(RECORDS)

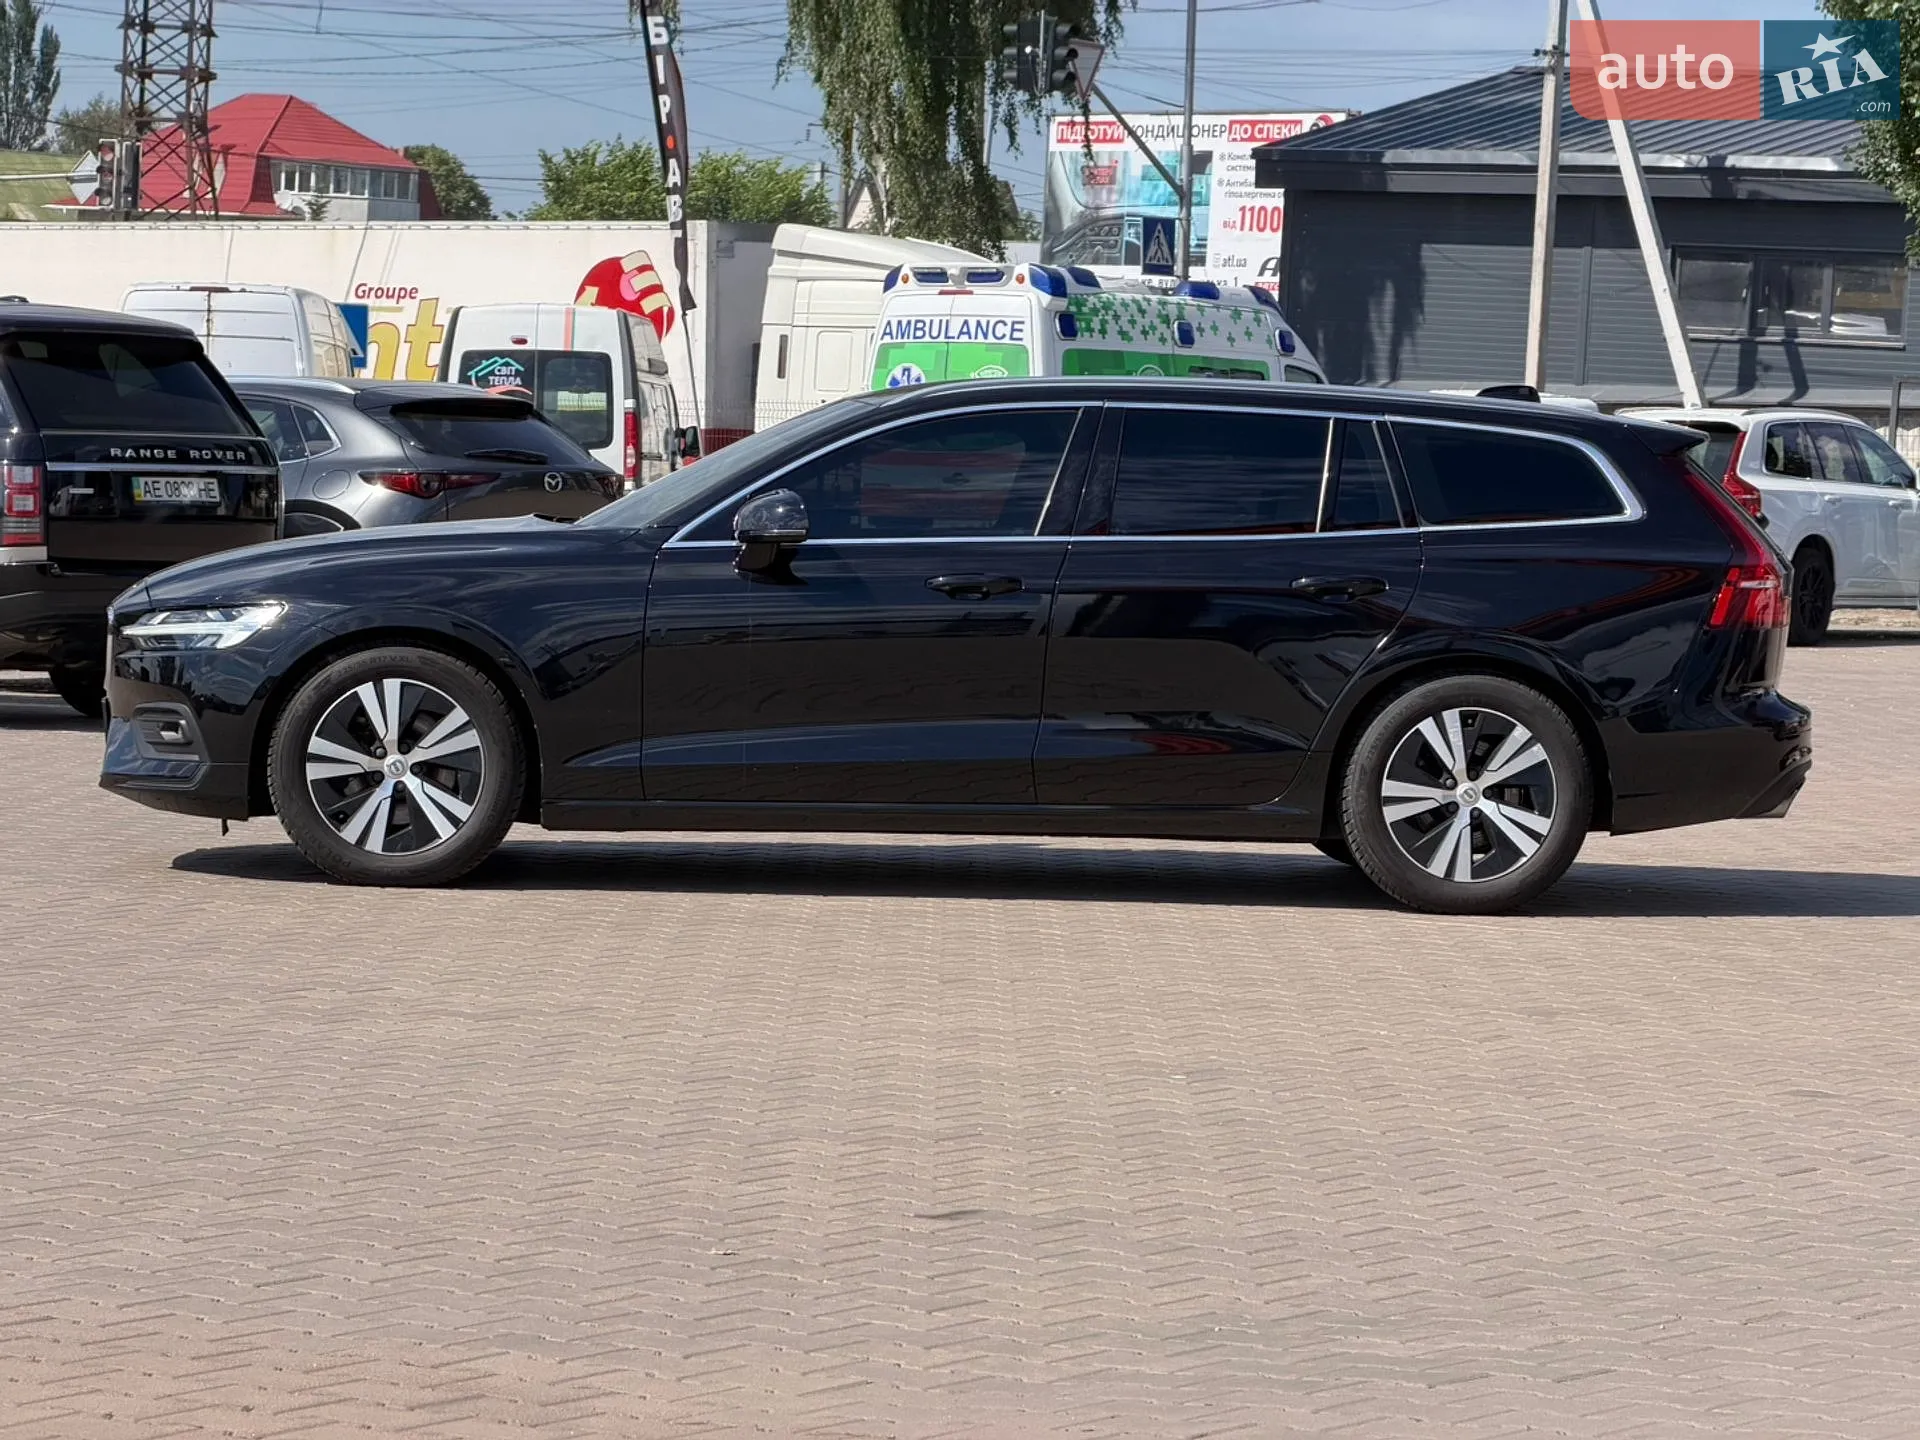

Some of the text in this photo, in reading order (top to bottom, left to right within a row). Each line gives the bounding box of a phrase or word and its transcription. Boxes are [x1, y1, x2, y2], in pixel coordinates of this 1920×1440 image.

[645, 8, 672, 125] БІР
[1057, 122, 1125, 142] ПІДОТУЙ
[1127, 124, 1227, 141] ОНДИЦОНЕР
[1230, 124, 1252, 142] ДО
[1222, 205, 1282, 233] від 1100
[1221, 254, 1248, 268] atl.ua
[354, 282, 419, 305] Groupe
[880, 318, 1026, 342] AMBULANCE
[488, 376, 522, 386] ТЕПЛА
[110, 447, 246, 461] RANGE ROVER
[143, 480, 163, 499] AE
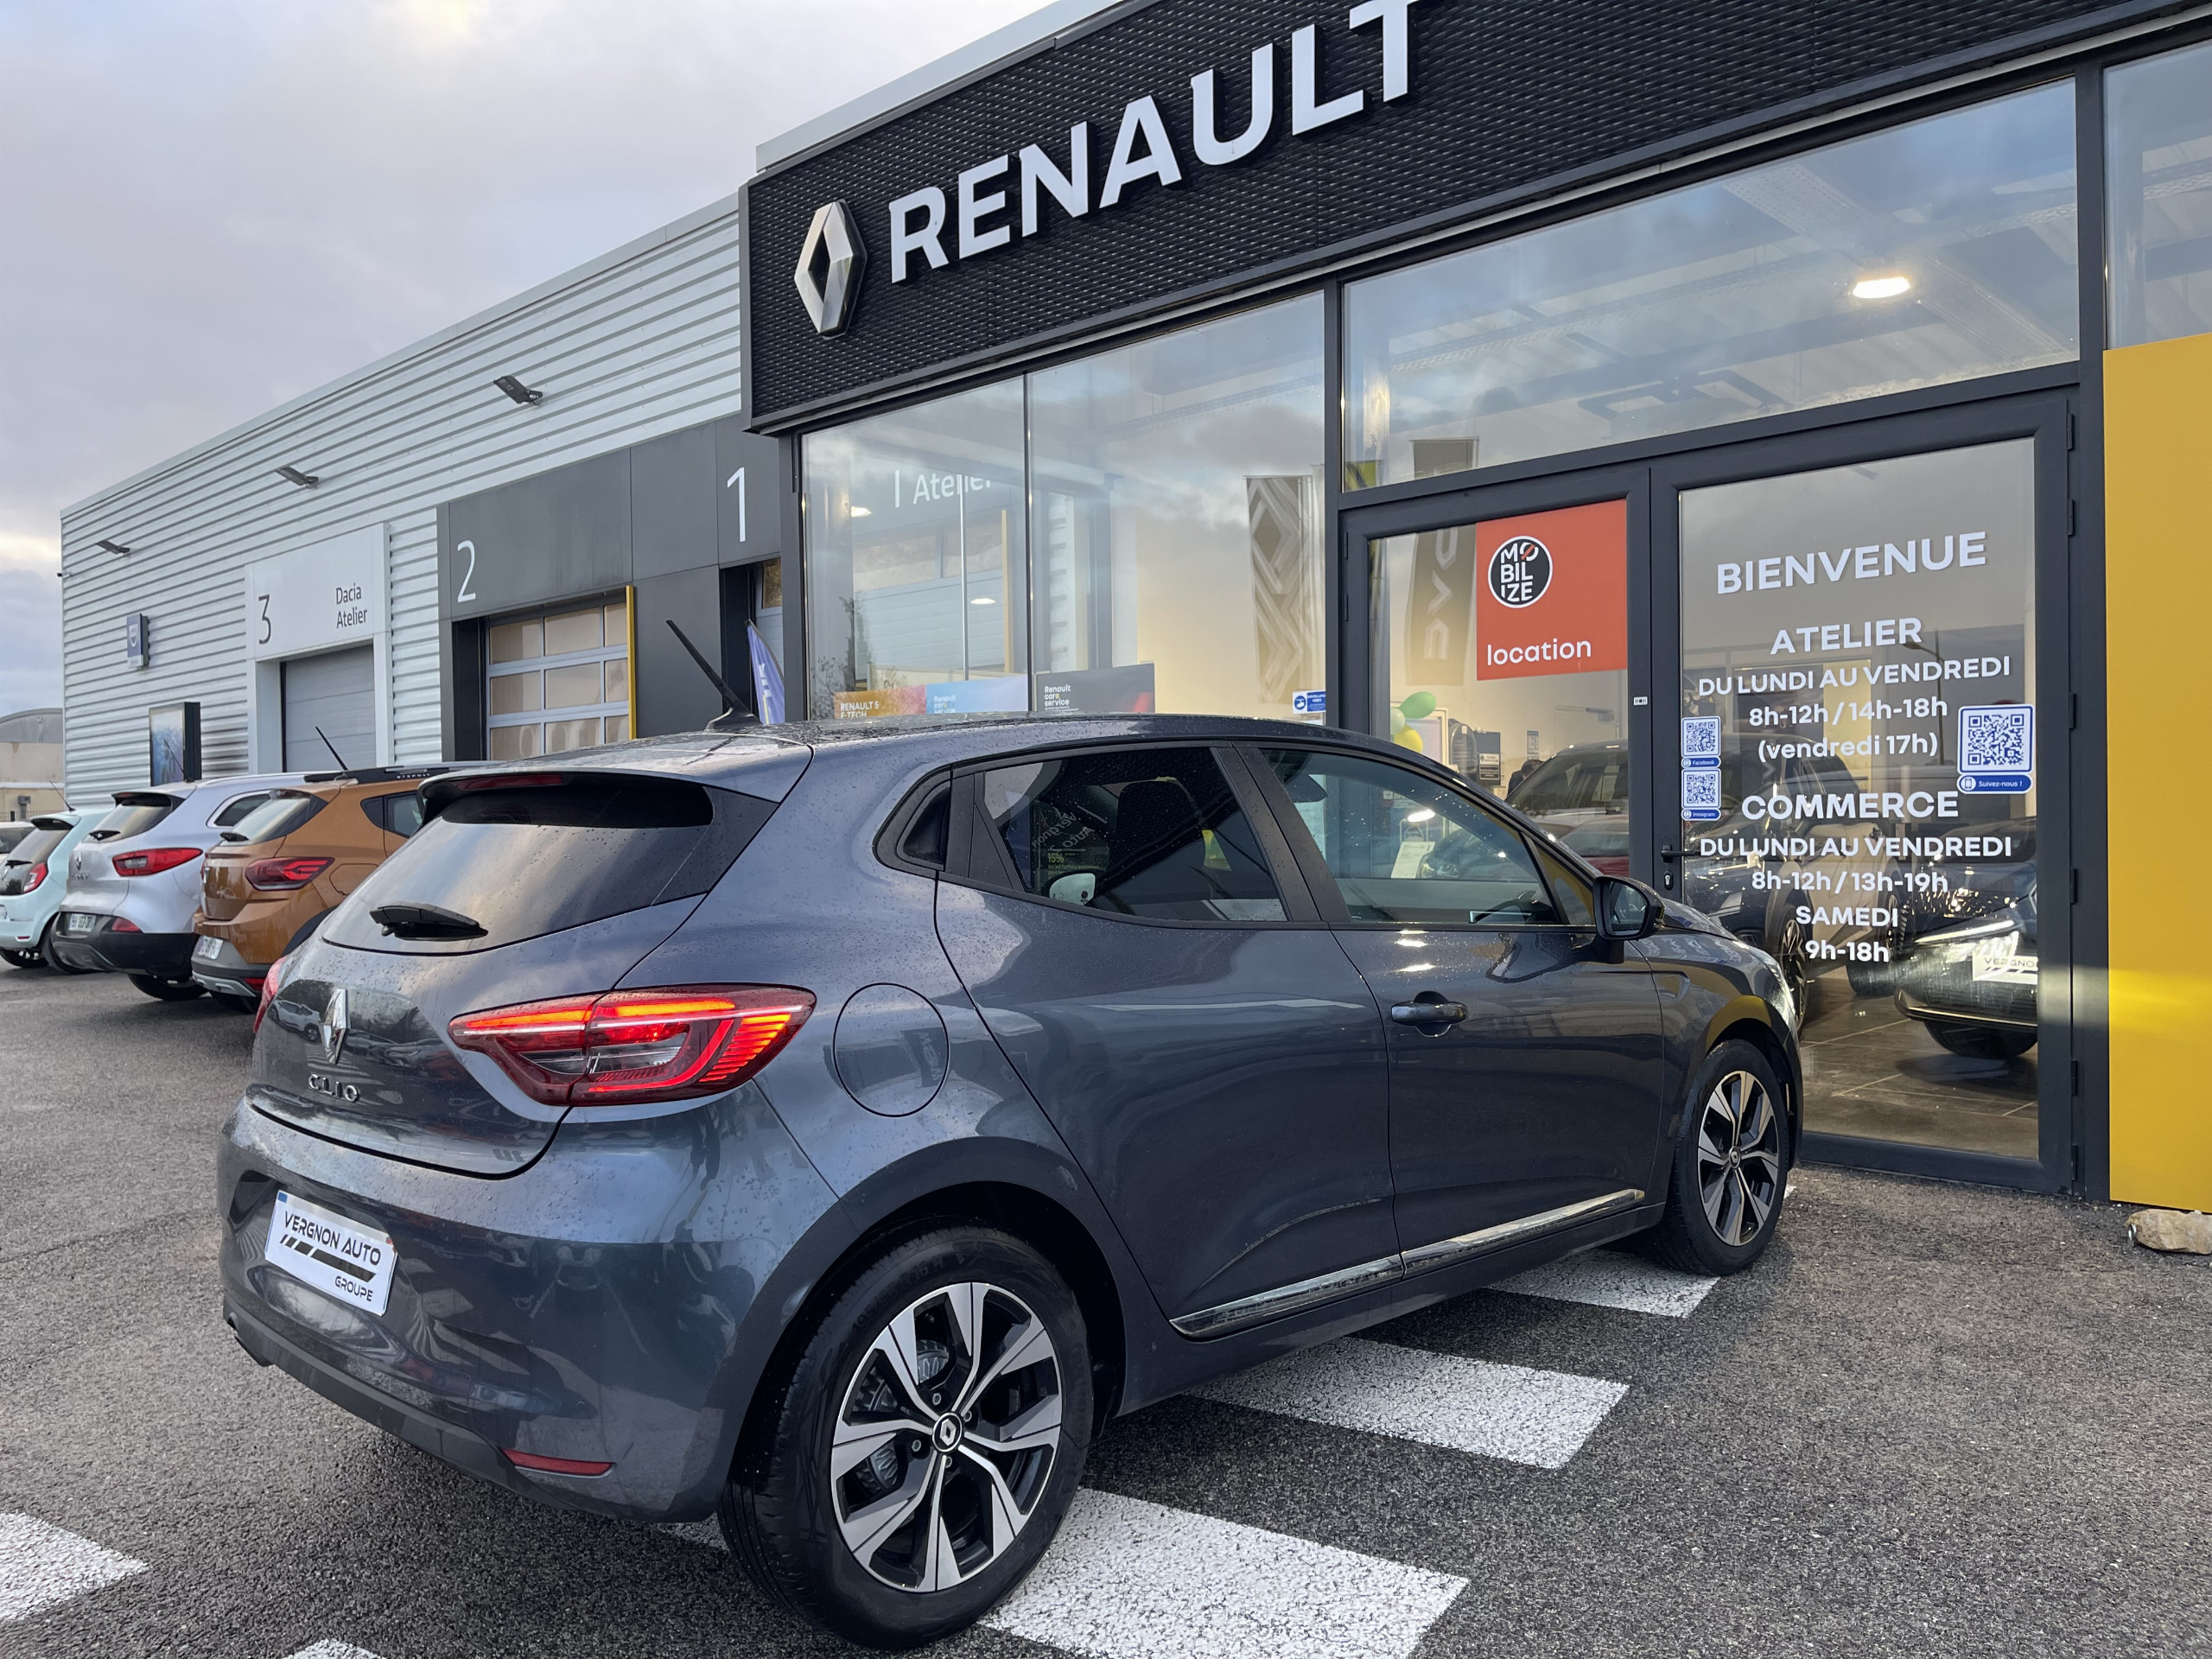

(End RECORDS)

[TASK ITEM]
Please transcribe every entry above exactly, leaving out any pictures.

[ANSWER AREA]
Some of the text in this photo, in reading order (top to bottom, left to right within a row). Each line gives the bounding box of a phrase or word and its transcription. Boxes are [x1, y1, x2, y2], in pixel coordinates of this 1920×1440 image.

[645, 8, 672, 125] БІР
[1057, 122, 1125, 142] ПІДОТУЙ
[1127, 124, 1227, 141] ОНДИЦОНЕР
[1230, 124, 1252, 142] ДО
[1222, 205, 1282, 233] від 1100
[1221, 254, 1248, 268] atl.ua
[354, 282, 419, 305] Groupe
[880, 318, 1026, 342] AMBULANCE
[488, 376, 522, 386] ТЕПЛА
[110, 447, 246, 461] RANGE ROVER
[143, 480, 163, 499] AE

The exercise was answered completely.